From the Guidelines
The differential diagnosis for a 7-year-old with sore throat should prioritize viral pharyngitis, group A streptococcal pharyngitis, and other less common causes, with a thorough history and physical examination guiding the workup, as recommended by the Infectious Diseases Society of America 1.
Key Considerations
- The child's age, symptoms, and exposure history should be taken into account when determining the likelihood of group A streptococcal pharyngitis (GAS) 1.
- A rapid strep test is recommended if the child has fever, tonsillar exudates, tender anterior cervical lymphadenopathy, and absence of cough (Centor criteria) 1.
- If the rapid test is positive, treatment with amoxicillin or penicillin V is recommended, with azithromycin as an alternative for penicillin-allergic patients 1.
Workup and Treatment
- Initial workup should include a thorough history and physical examination, focusing on duration of symptoms, presence of fever, cough, rhinorrhea, and exposure history 1.
- Physical examination should assess for tonsillar enlargement, exudates, cervical lymphadenopathy, and rash 1.
- Symptomatic treatment includes acetaminophen or ibuprofen, warm salt water gargles, and adequate hydration 1.

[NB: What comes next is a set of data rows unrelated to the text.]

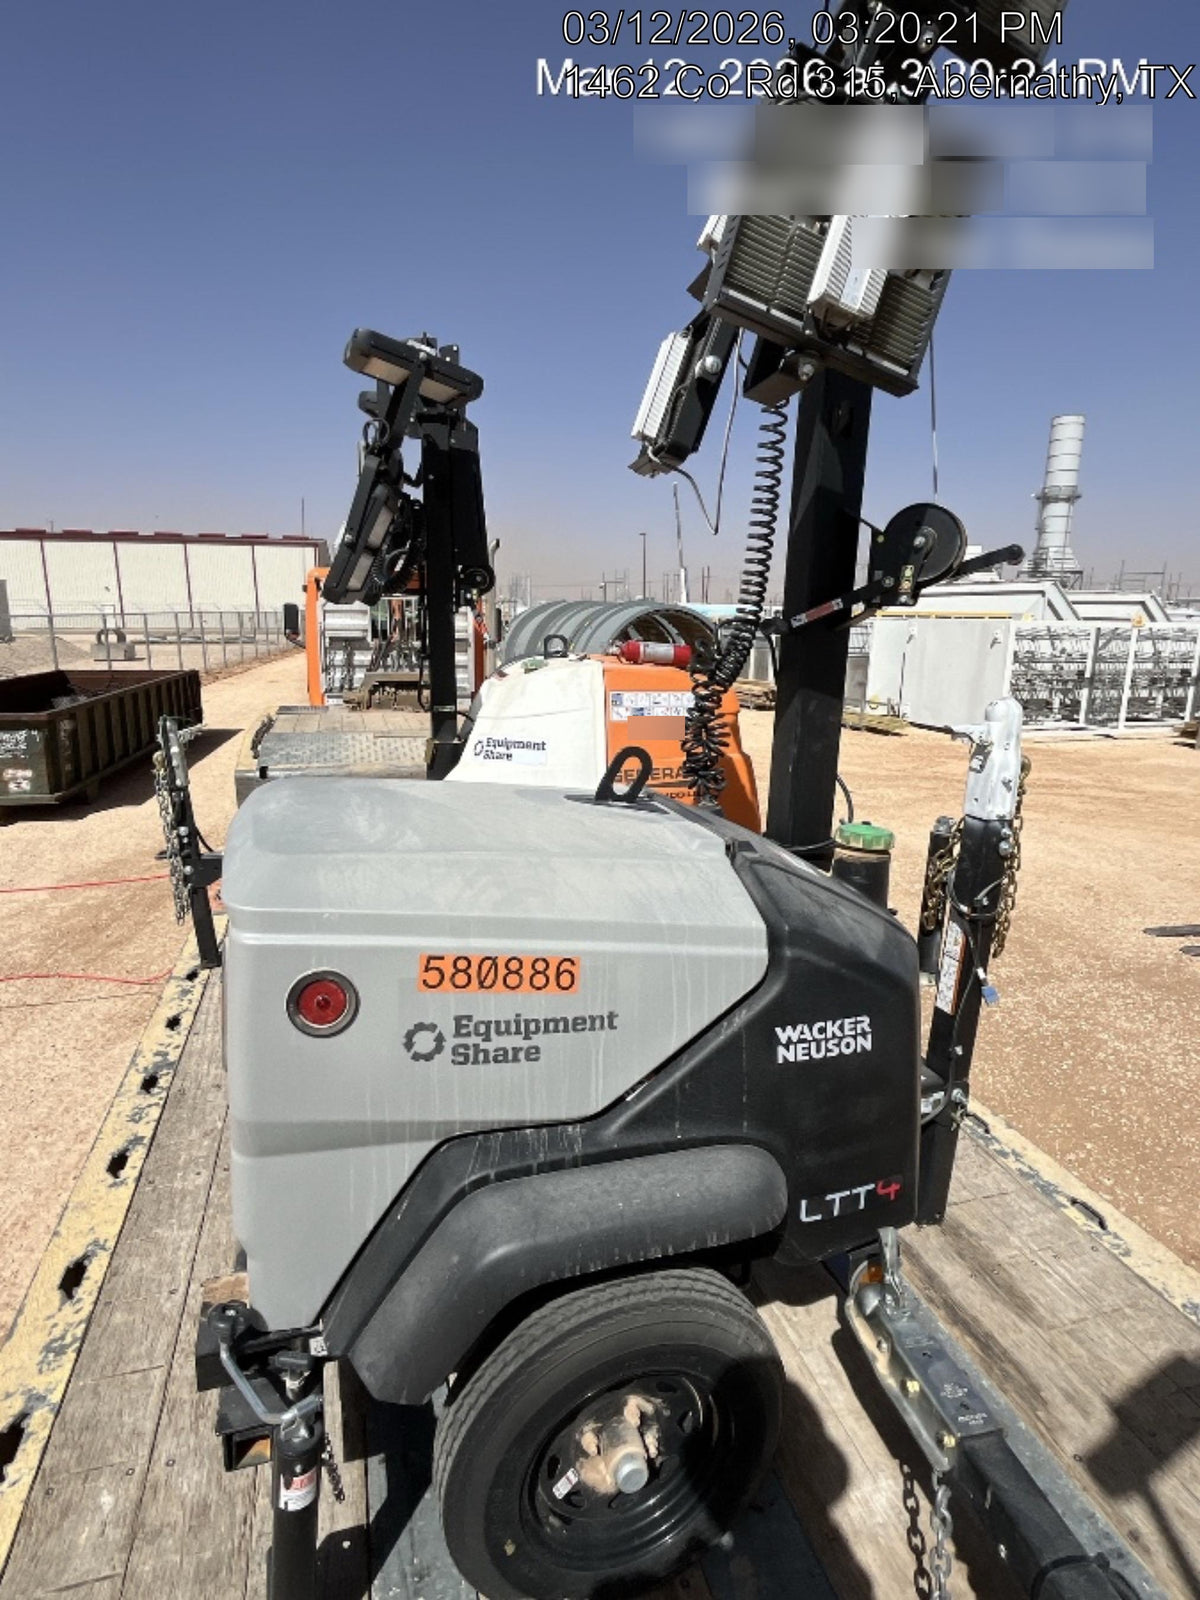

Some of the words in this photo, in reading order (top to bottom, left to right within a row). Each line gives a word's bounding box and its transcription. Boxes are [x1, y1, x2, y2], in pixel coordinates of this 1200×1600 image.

[486, 737, 546, 751] Equipment
[422, 955, 576, 991] 580886
[453, 1010, 619, 1042] Equipment
[775, 1015, 872, 1044] WACKER
[451, 1044, 541, 1066] Share
[777, 1034, 872, 1064] NEUSON
[800, 1180, 901, 1222] LTT4

- If symptoms persist beyond 7 days, worsen after initial improvement, or if the child has difficulty swallowing or breathing, further evaluation is necessary to rule out complications or alternative diagnoses 1.
Important Considerations
- GAS testing should be performed on selected patients with clinical symptoms and signs on physical examination that are suggestive of GAS 1.
- Treatment of GAS pharyngitis is primarily aimed at preventing suppurative and nonsuppurative complications, such as acute rheumatic fever (ARF) 1.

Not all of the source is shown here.